Not that I think she could tell. Briana’s a helluva lot smarter than I am, but I’m a champion poker player in the game of life, and I do not have a poker face. Sorry, Gaga.
It wasn’t too long ago that I had the urge to talk with another human being, not my daughter, presuming I could find someone to listen to my bullshit. Unfortunately, I’m an intensely private person. If you were trying to get to know me, you’d be between a rock and a hard place. Thus, I had no one to call.
I have a small circle of friends, but they don’t get past the front door, either. I let one person in years ago, which turned into a bleep show. We renewed our relationship at a long distance for a time, but it went sour again, and I closed that chapter of my life permanently.

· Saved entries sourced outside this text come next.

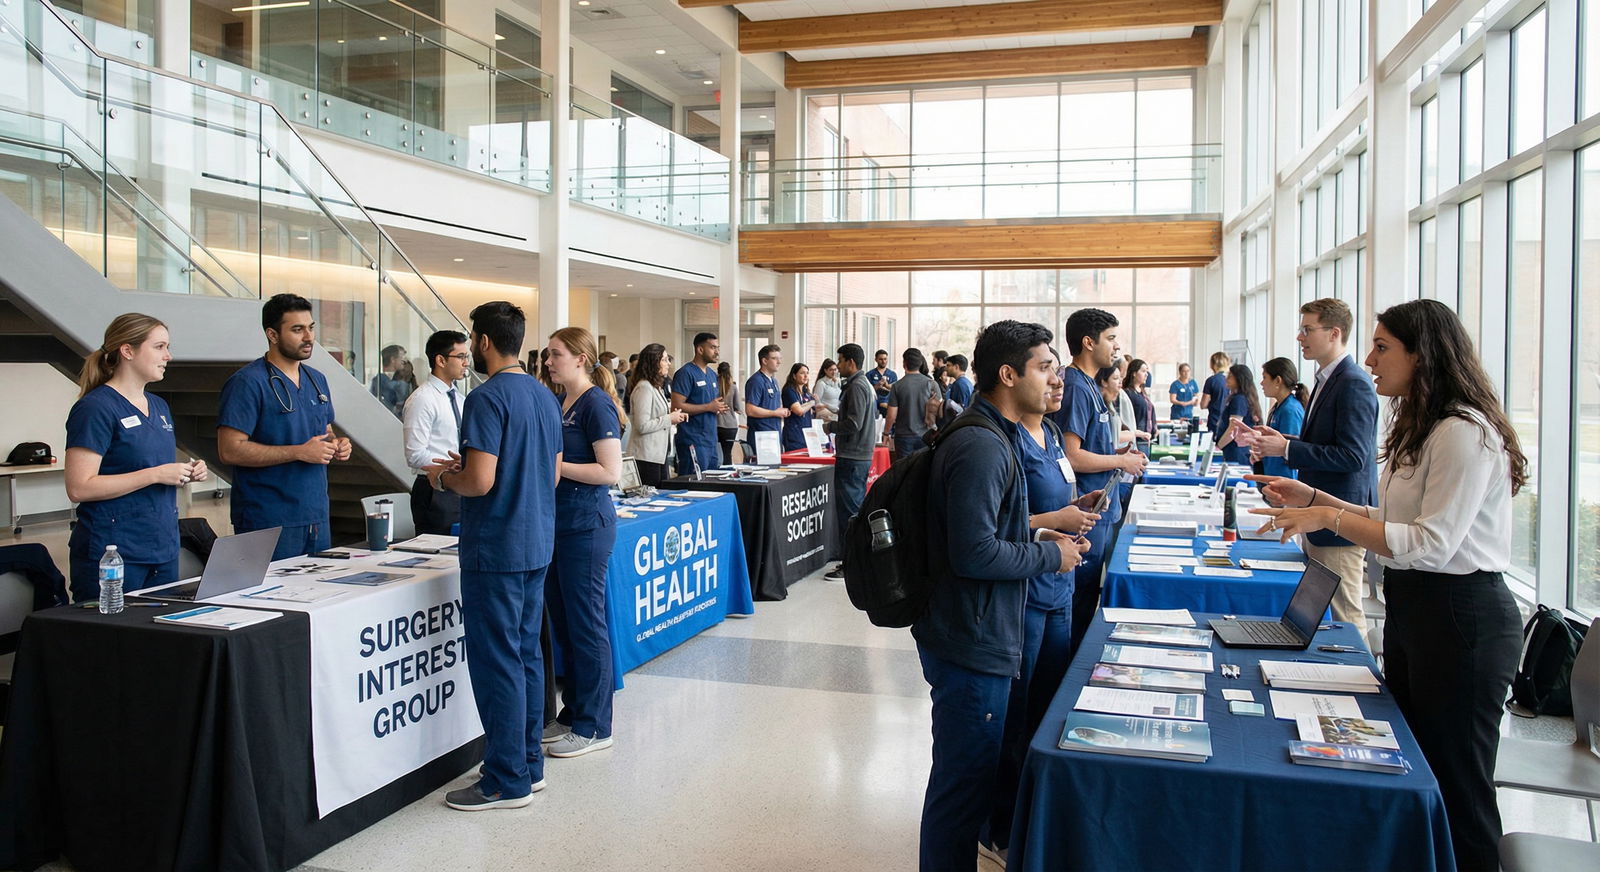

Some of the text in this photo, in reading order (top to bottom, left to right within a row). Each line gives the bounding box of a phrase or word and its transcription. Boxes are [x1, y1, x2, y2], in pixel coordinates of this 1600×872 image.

[782, 483, 829, 517] RESEARCH
[787, 509, 825, 543] SOCIETY
[634, 515, 718, 576] GLOBAL
[635, 553, 718, 626] HEALTH
[359, 599, 464, 658] SURGERY
[358, 635, 466, 704] INTEREST
[373, 680, 455, 739] GROUP

I don’t mind being alone, but I’ve walled myself in, to some extent. Sure, I’ve had chances, but I knew it wasn’t the right time or person. I have liberal and conservative friends — and they’re good people, but I’m not James Carville, and there are no Mary Matalins I’d care to hang around.

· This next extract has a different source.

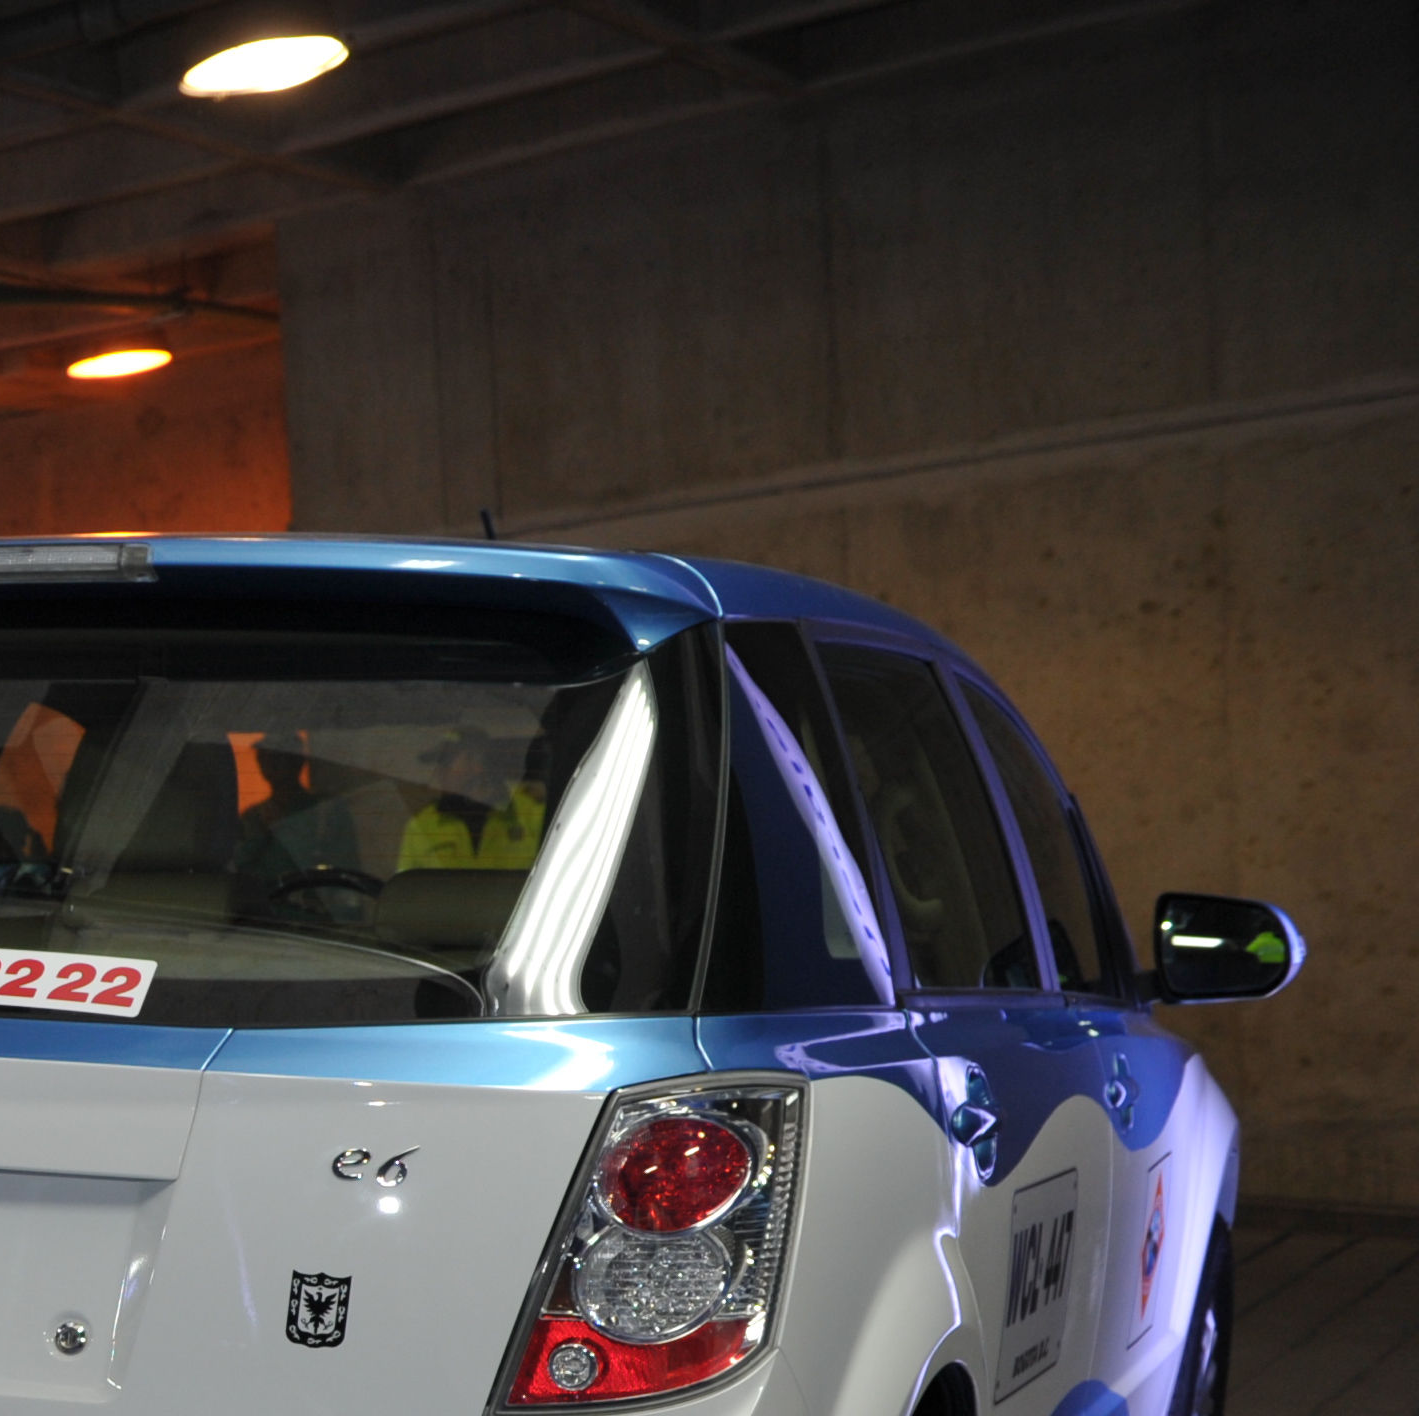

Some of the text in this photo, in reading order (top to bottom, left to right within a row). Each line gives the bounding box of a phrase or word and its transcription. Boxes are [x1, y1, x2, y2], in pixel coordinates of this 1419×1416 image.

[331, 1145, 420, 1187] e6
[1006, 1222, 1043, 1328] WCL
[1043, 1211, 1074, 1306] 447

I realize loneliness is a state of mind. I can be surrounded by thousands of people in a football stadium and still be lonely and alone.
I’ve found solemnity in loneliness. For the most part, I’m good with that. But like other human beings, my heart desires companionship. In a moment of lunacy, I signed up for Facebook Dating. I canceled it in less than a week. Lesson learned.
I’ve made many mistakes in my 64 years, too damn many to count. But perhaps one day, I’ll find someone to chat with over a cup of coffee or dinner. I’m not looking to impress anyone. I prefer being who I am: a nice guy who can occasionally be a pain in the ass.
Cheers!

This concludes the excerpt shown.